The whole point has nothing to do with what this piece of paper is worth.

The point is this technology...

This ability to seamlessly fuse Witchcraft, Alchemy, and monetary value into a single object — the entire continent only Mason has this!

Why isn't Queen Sophia issuing gold?

Because she's already seen through everything!

Gold is heavy — a wagon full of gold is a glowing target that any Olan patrol can spot from a mile away.

But if these notes become widely accepted, all I need to do is sew one into my undergarments — and I'm walking around with the equivalent of ten thousand gold coins.

And more than that — a currency protected by Holy Light and Alchemy is, in and of itself, a Divine Miracle.

It means Mason's productive capacity has reached the point where it can dictate its own rules!

While Olan is squabbling over a few miserable mine pits, Queen Sophia is already building a new kind of credit system — one that sits above all royal authority and shackles it!

What I'm holding isn't paper at all. This is a boarding pass to the new era.

If I'm the first to accept this, I'll be the first merchant in all the North to hold Mason's credit — and everything that comes with it!

Gallo's expression completed a seamless transition from outrage to groveling servility in under three seconds.

He slapped his thigh with a sudden snap and flashed his most professional smile.

"Ha! You'll have to forgive me — the rain must've muddled my thinking just now!"

Gallo snatched the note back with exquisite care and tucked it inside his coat as tenderly as if he were cradling a newborn.

"This is no mere scrap of paper — this is Her Majesty's grace made tangible!

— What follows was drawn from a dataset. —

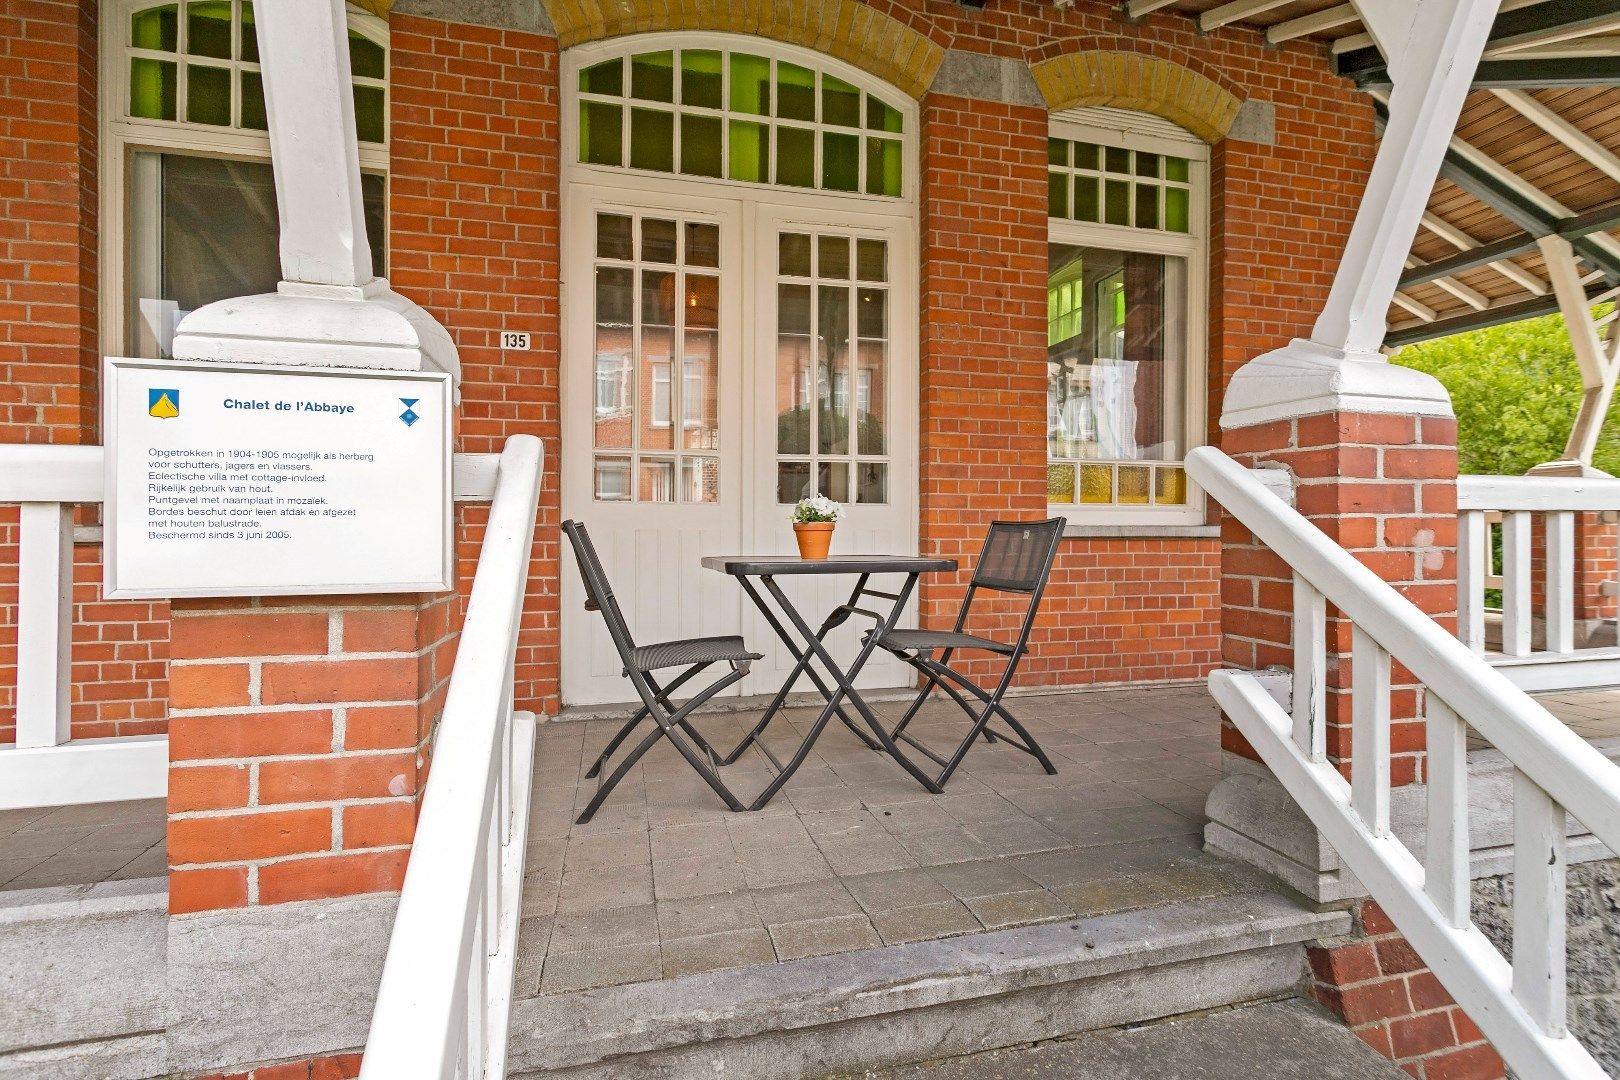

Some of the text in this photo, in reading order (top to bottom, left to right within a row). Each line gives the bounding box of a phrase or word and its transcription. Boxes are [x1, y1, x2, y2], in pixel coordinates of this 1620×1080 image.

Something this easy to carry, with anti-counterfeiting this sophisticated — this is exactly what those of us who live by the edge of a knife need most!"

He leaned close to the exchange agent, dropped his voice to a conspiratorial hush, eyes glittering with oily hunger:

"My lord, since this thing is so useful... well...

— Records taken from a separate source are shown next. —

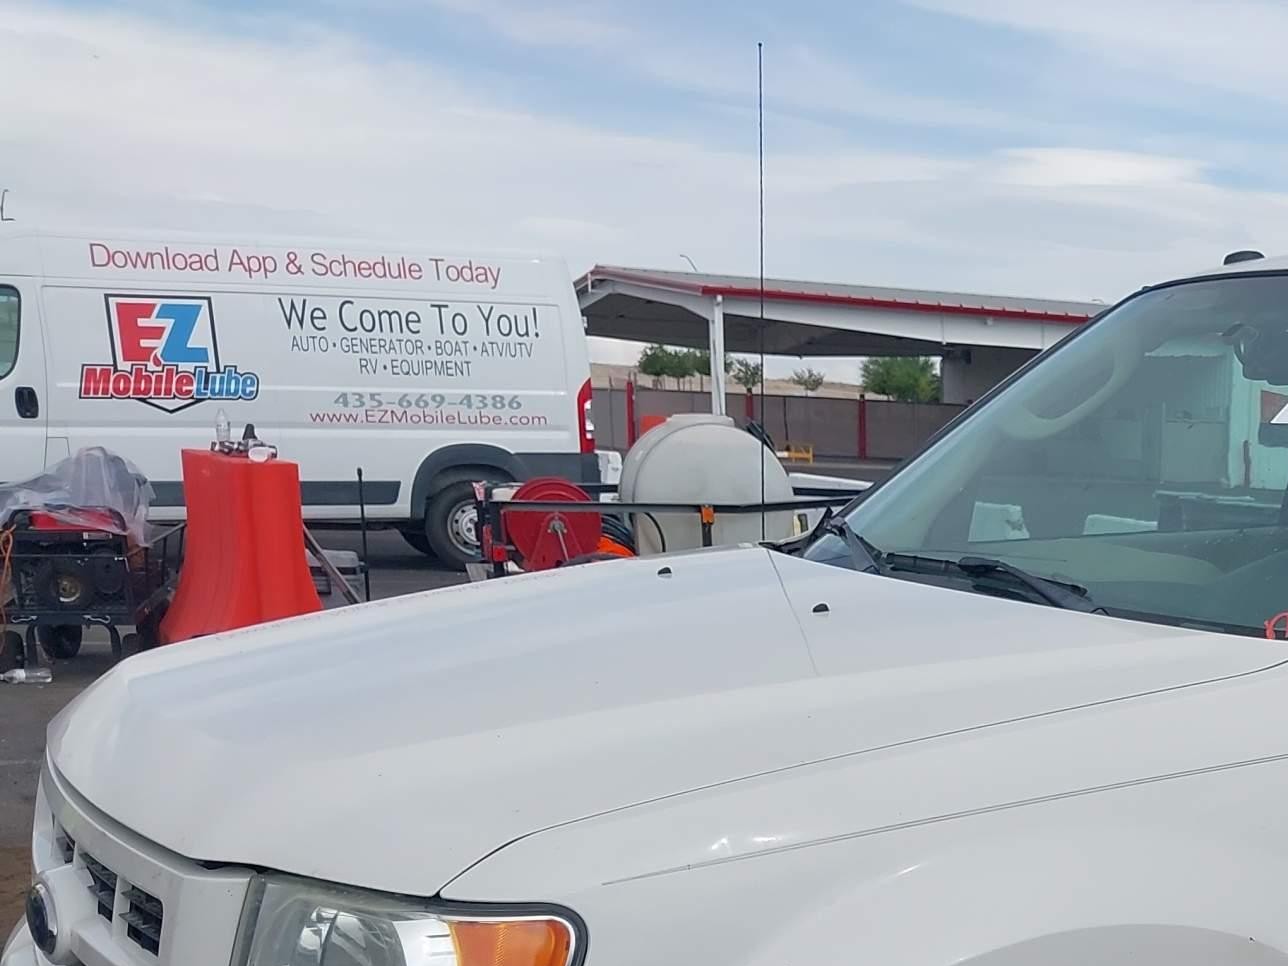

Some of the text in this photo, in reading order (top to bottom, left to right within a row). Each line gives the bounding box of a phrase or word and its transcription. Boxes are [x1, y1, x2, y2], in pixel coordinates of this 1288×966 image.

[89, 243, 500, 290] Download App & Schedule Today
[278, 297, 539, 338] We Come To You!
[115, 302, 210, 363] EZ
[291, 336, 533, 358] AUTO GENERATOR BOAT ATV/UTV
[359, 358, 471, 376] RV EQUIPMENT
[80, 365, 258, 399] MobileLube
[334, 392, 522, 410] 435-669-4386
[310, 409, 547, 425] www.EZMobileLube.com
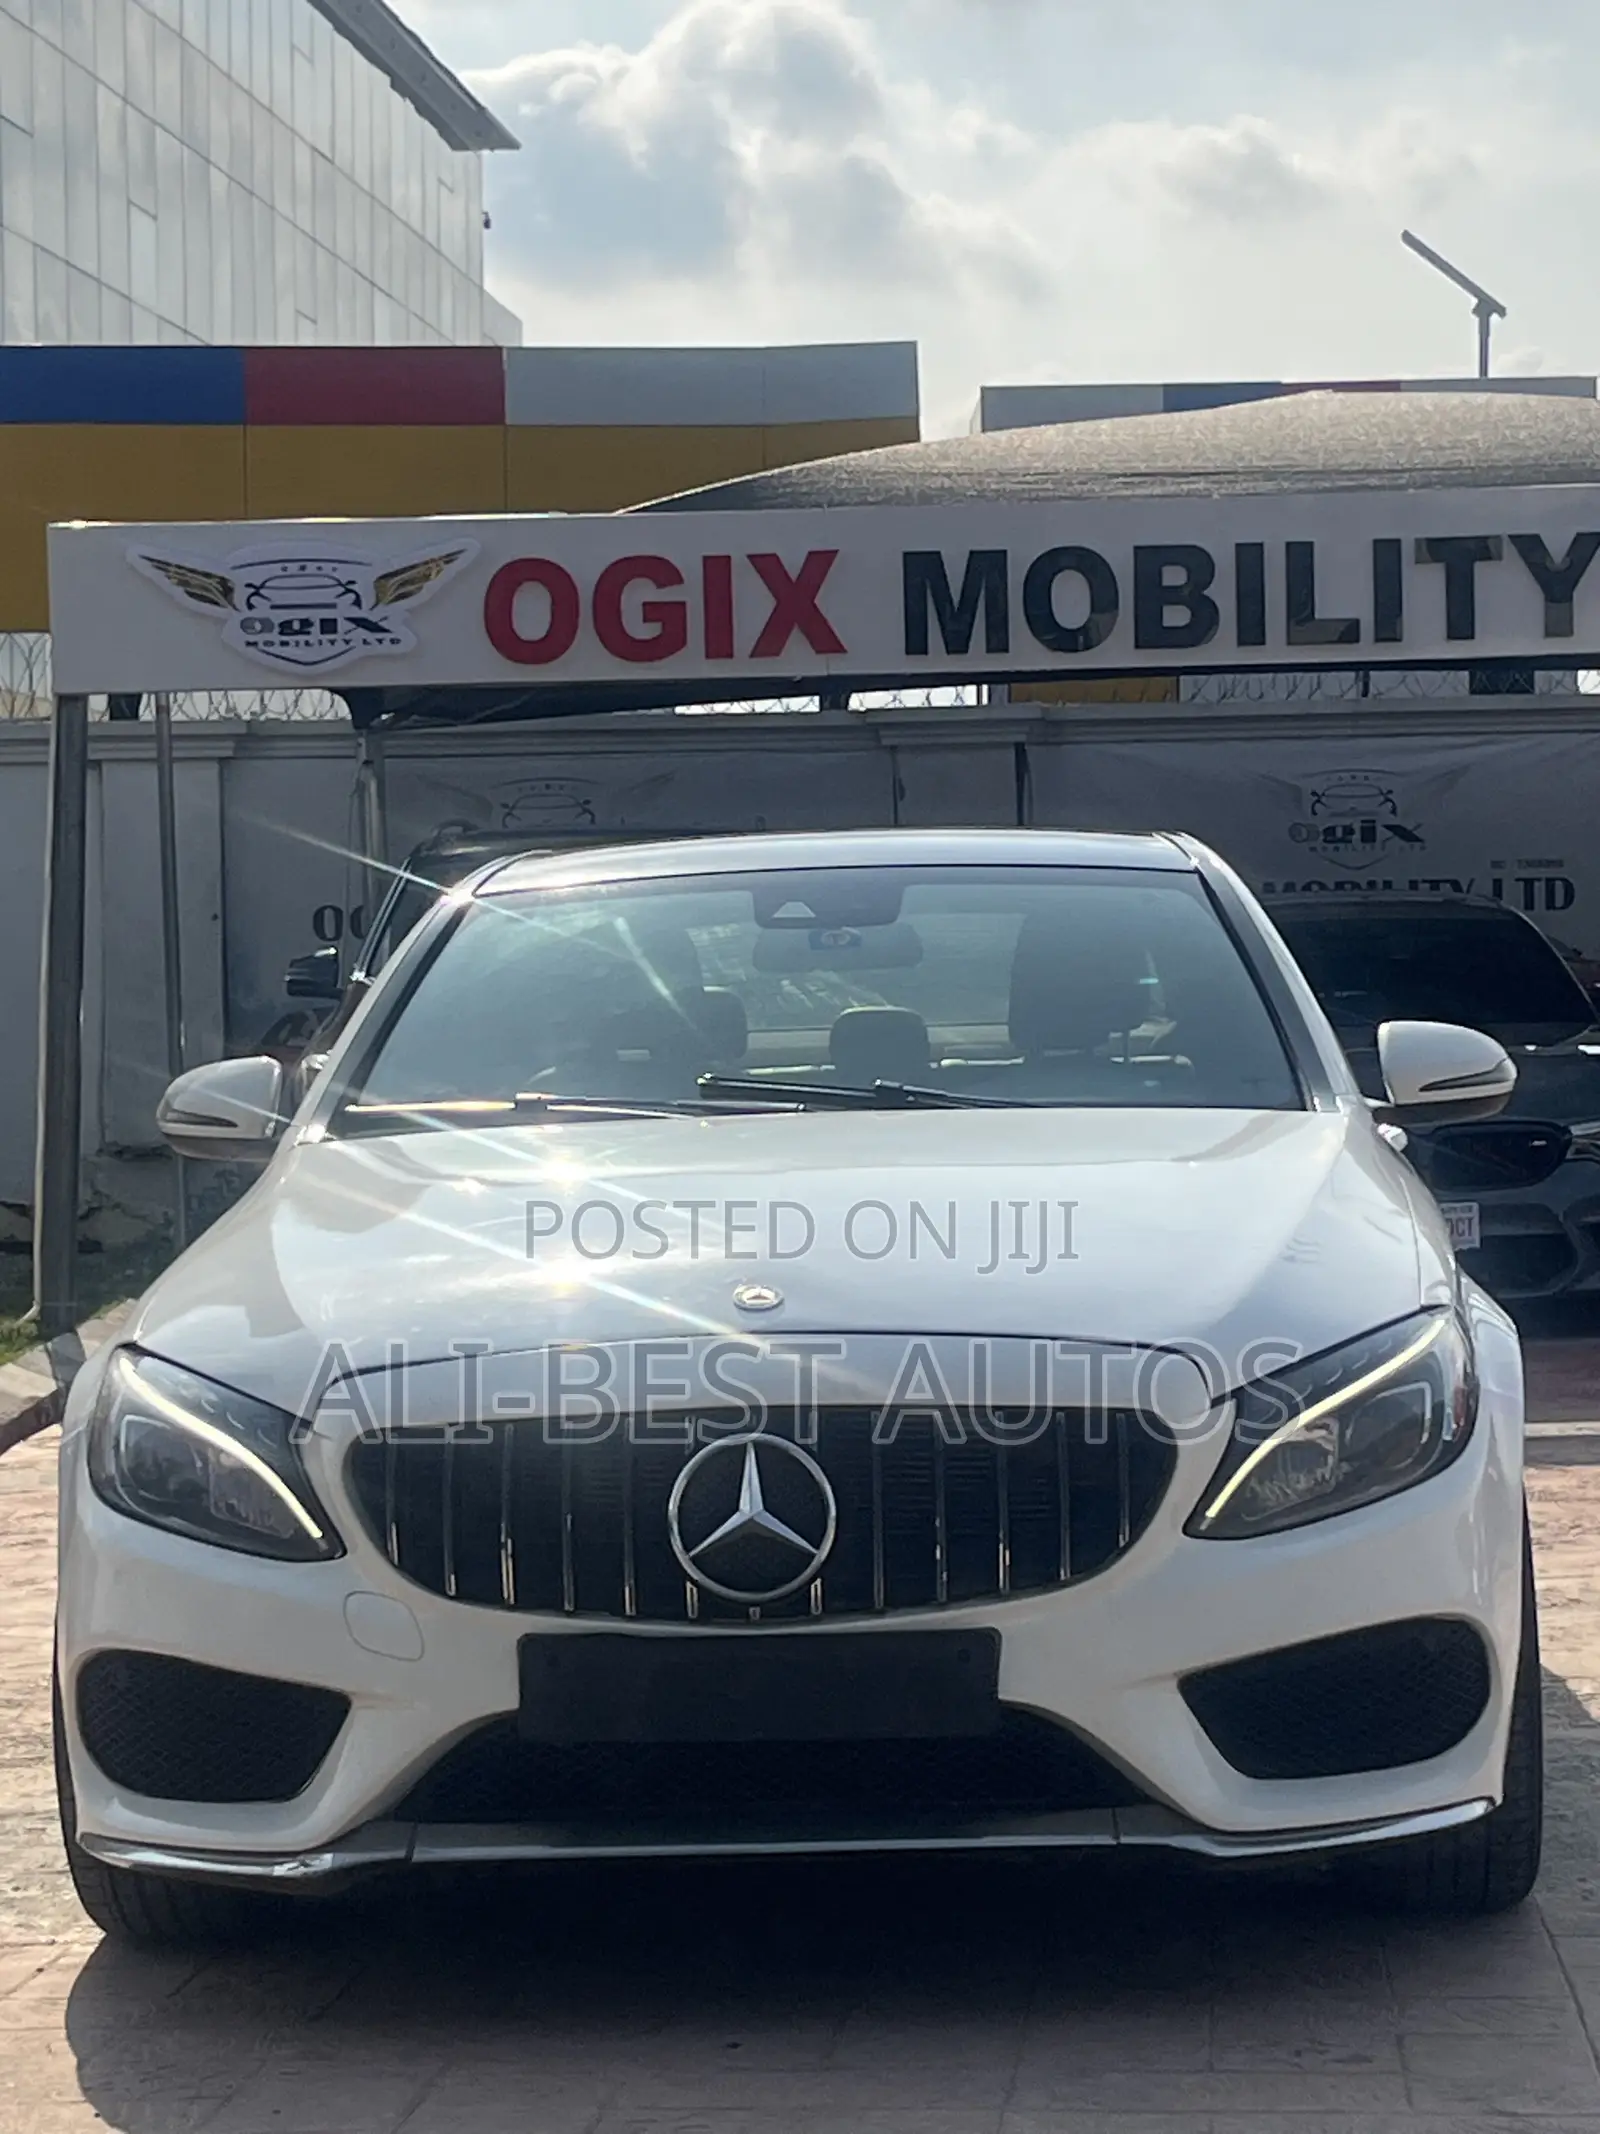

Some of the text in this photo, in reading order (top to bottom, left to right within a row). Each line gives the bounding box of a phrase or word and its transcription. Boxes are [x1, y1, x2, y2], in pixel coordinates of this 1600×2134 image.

[483, 531, 1600, 665] OGIX MOBILITY
[244, 637, 402, 648] MOBILITY LTD

Next time, I'll bring three times the cargo!

Saltpeter, raw iron — whatever Mason wants, I'll bankrupt myself to get it here!

Just... just please make sure to issue me a few extra of these notes. Especially the large-denomination ruby-grade ones!"

Meanwhile, inside Yurilland's Royal City armory.

Mountains of raw iron and saltpeter were being smelted around the clock at a furious pace.

The production lines that Irene had organized with the soldiers roared day and night without cease. New black muskets and crates of powerful explosive rounds flowed out like water off a wheel.

Those five thousand soldiers, reforged under Delilah's hellish training regimen, were eating grain sent by Olan's own allies every single day — their muscles growing harder, the killing intent in their eyes growing denser.

Queen Tina thought she had shut Mason's door.

She had no idea that Sophia, with a few sheets of paper backed by magic and logic, had quietly bled the entire Olan alliance dry — and converted every last drop into Mason's engine of violence, sufficient to destroy an era.